DR. MOSER: To repeat, this discussion about initial therapeutic preferences may be moot because we may be moving toward a conclusion that the use of two drugs initially may be the way to begin therapy, especially in higher‐risk subjects. A (3 blocker, ACE inhibitor, or ARB with a diuretic, or in some cases, a CCB with a diuretic, are highly effective combinations. An ACE inhibitor/CCB is also an alternative. Despite the fact that some investigators still believe that a CCB plus a diuretic is not more effective than monotherapy with either agent alone, there are data to the contrary.

DR. PICKERING: That's a good thought, Dr. Moser. That would be a combination well worth exploring in a number of ways.

DR. MOSER: We agree that most of the benefit in reduction of mortality and morbidity in hypertensive patients results from lowering blood pressure, but that there may be some differences among medications.

  • It appears that the older medications, i.e., diuretics and β blockers, are as effective as the newer agents in both the elderly and diabetics. (There is some evidence that an ACE inhibitor‐based program—and very likely an ARB regimen as well—is more effective in diabetics.)

  • There is evidence that an ACE inhibitor‐based treatment program lowers the incidence of myocardial infarction and heart failure to a greater degree than a dihydropyridine CCB in diabetics.

  • Overall, cardiovascular events appear to be reduced equally by a diuretic and either a dihydropyridine or nondihydropyridine CCB, but there appear to be fewer myocardial infarctions and episodes of congestive heart failure when a diuretic is given.

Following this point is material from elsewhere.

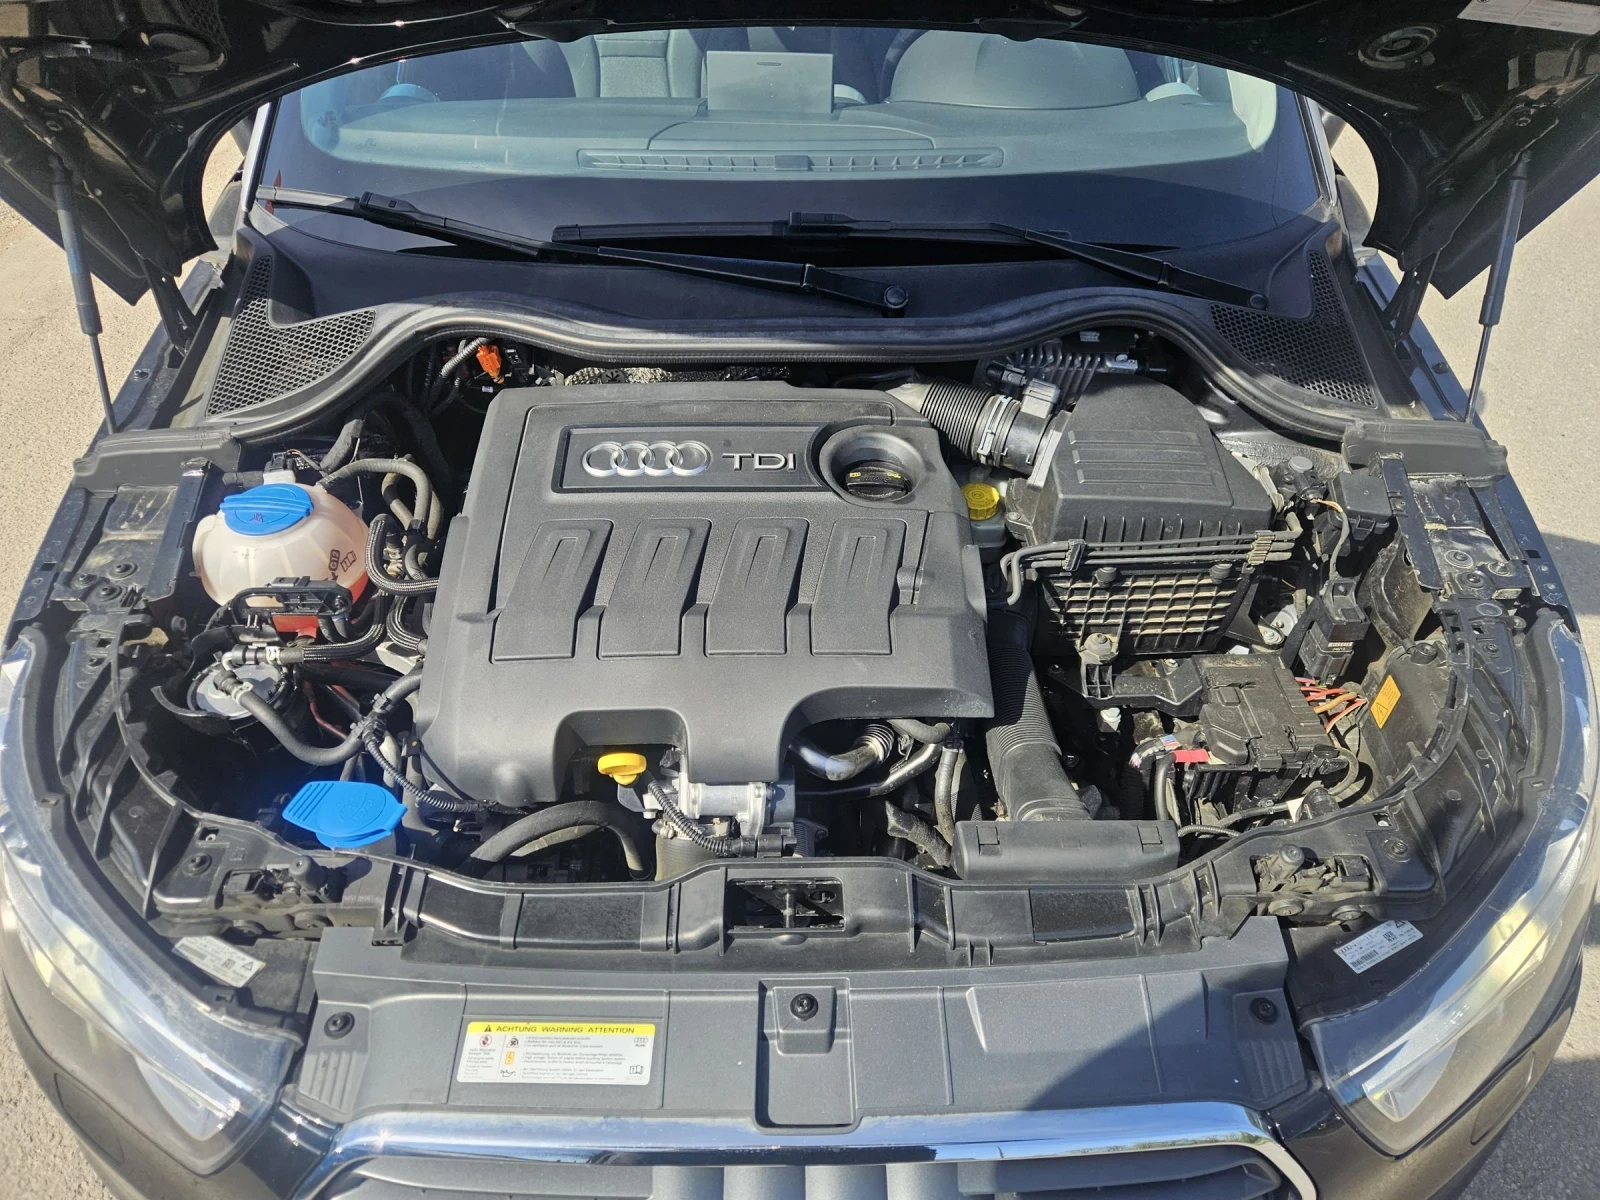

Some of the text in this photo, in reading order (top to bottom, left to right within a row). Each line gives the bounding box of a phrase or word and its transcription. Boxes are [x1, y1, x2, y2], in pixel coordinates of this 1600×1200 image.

[722, 452, 796, 473] TDI
[330, 551, 339, 569] G12
[496, 1025, 537, 1033] ACHTUNG
[542, 1026, 583, 1034] WARNING

One trial suggests that there are fewer strokes with a nondihydropyridine CCB than with a diuretic, and a recent meta‐analysis seems to support the idea that CCBs may be as effective as drugs of other classes in preventing strokes. Some data indicate fewer strokes when a diuretic regimen is compared to studies where a diuretic is not used.

  • A regimen that includes an ARB is more effective in slowing renal disease progression in type 2 diabetics than a treatment program that does not include an ACE inhibitor, ARB, or CCB.

  • Finally, recent data reaffirm that the use of small doses of two different medications may be an appropriate first step in treatment.